You can’t move forward if you’re haunted by the past. Going back and exploring these stories (Sankofa) was necessary to my survival and healing. Furthermore, I believe our stories can have a ripple effect of healing when shared. I hope my story resonates with readers and makes them feel less alone. And as a father, I feel proud knowing my daughter will get to read this someday to see the work I did to create a better life for her than I had.
What role did music play in helping you process or remember different moments in your life?
I think musically. If I were filming the movie of my life, I’d be most concerned about the soundtrack. Music complements, drives, and speaks with and through my storytelling. Songs evoke memories and assure me I’ll never run out of things to write about.
How did your understanding of your parents and family change as you grew older?
I didn’t buy the lie that “We did the best we could.” They didn’t, and it shows. This is magnified by the reality that I’m a parent, and I’m successful at it by primarily doing the opposite of what my parents did. Parenting is a big responsibility. Our kids didn’t ask to be here. It is the parent’s job to be the best they can be so that their kids can thrive.
What conversations do you hope your book inspires in your readers?

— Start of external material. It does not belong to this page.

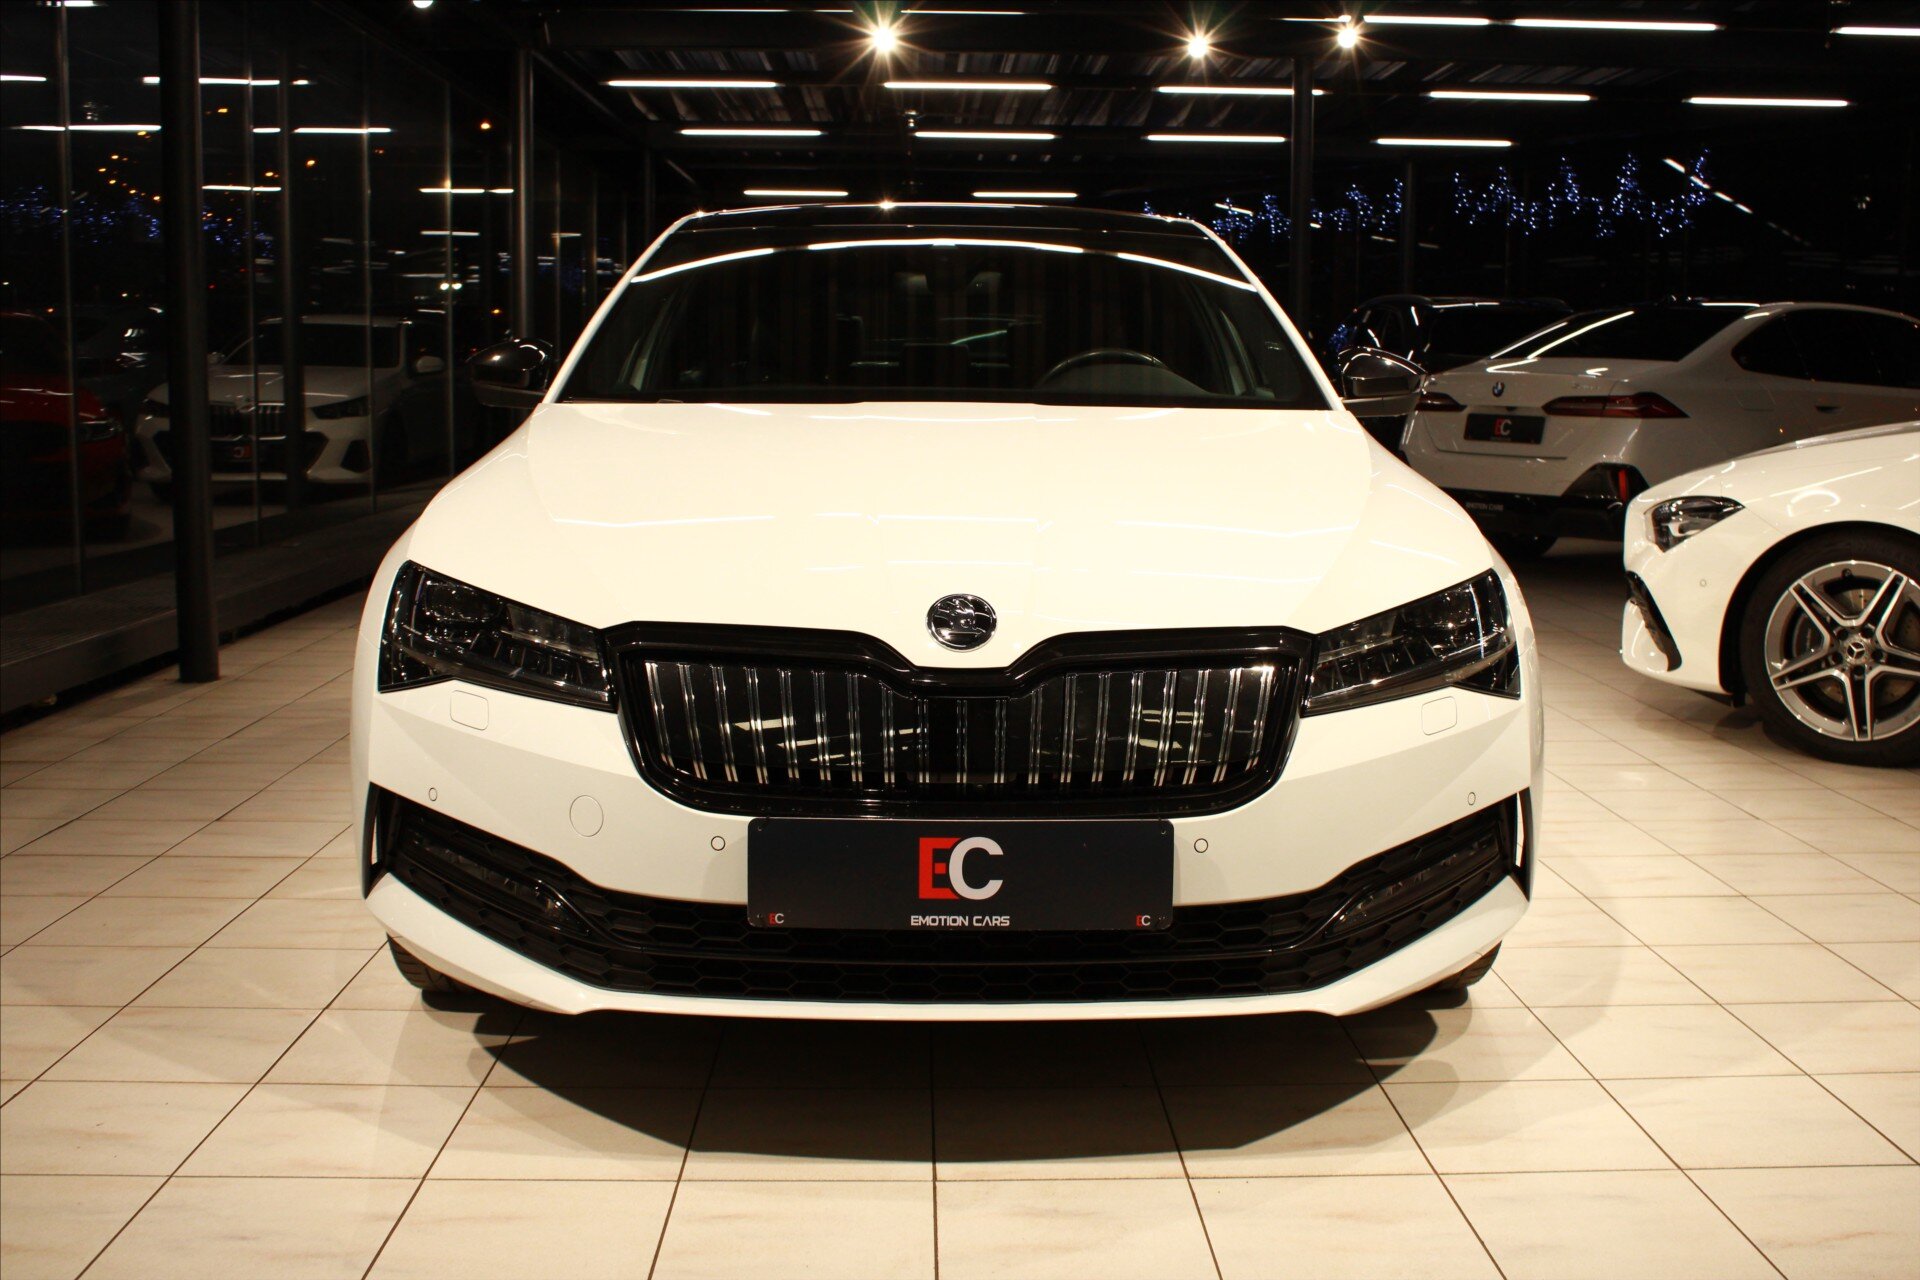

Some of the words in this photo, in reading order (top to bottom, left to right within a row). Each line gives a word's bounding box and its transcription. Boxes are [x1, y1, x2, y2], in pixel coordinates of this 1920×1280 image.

I hope they recognize the need for reciprocity in relationships and that they leave feeling loved, liked, and/or understood.
Author Links: GoodReads | Amazon
In Mixtape: A Memoir, therapist and storyteller Johnzelle Anderson weaves a raw, lyrical portrait of resilience, identity, and healing.
Born to a disengaged West African father and a volatile white mother, Anderson grows up mixed race in 1990s Roanoke, Virginia—feeling like an outsider in every room. Amid childhood abuse, neglect, and racism, he clings to the safety of his grandmother’s love and his inner voice’s promise of a better future.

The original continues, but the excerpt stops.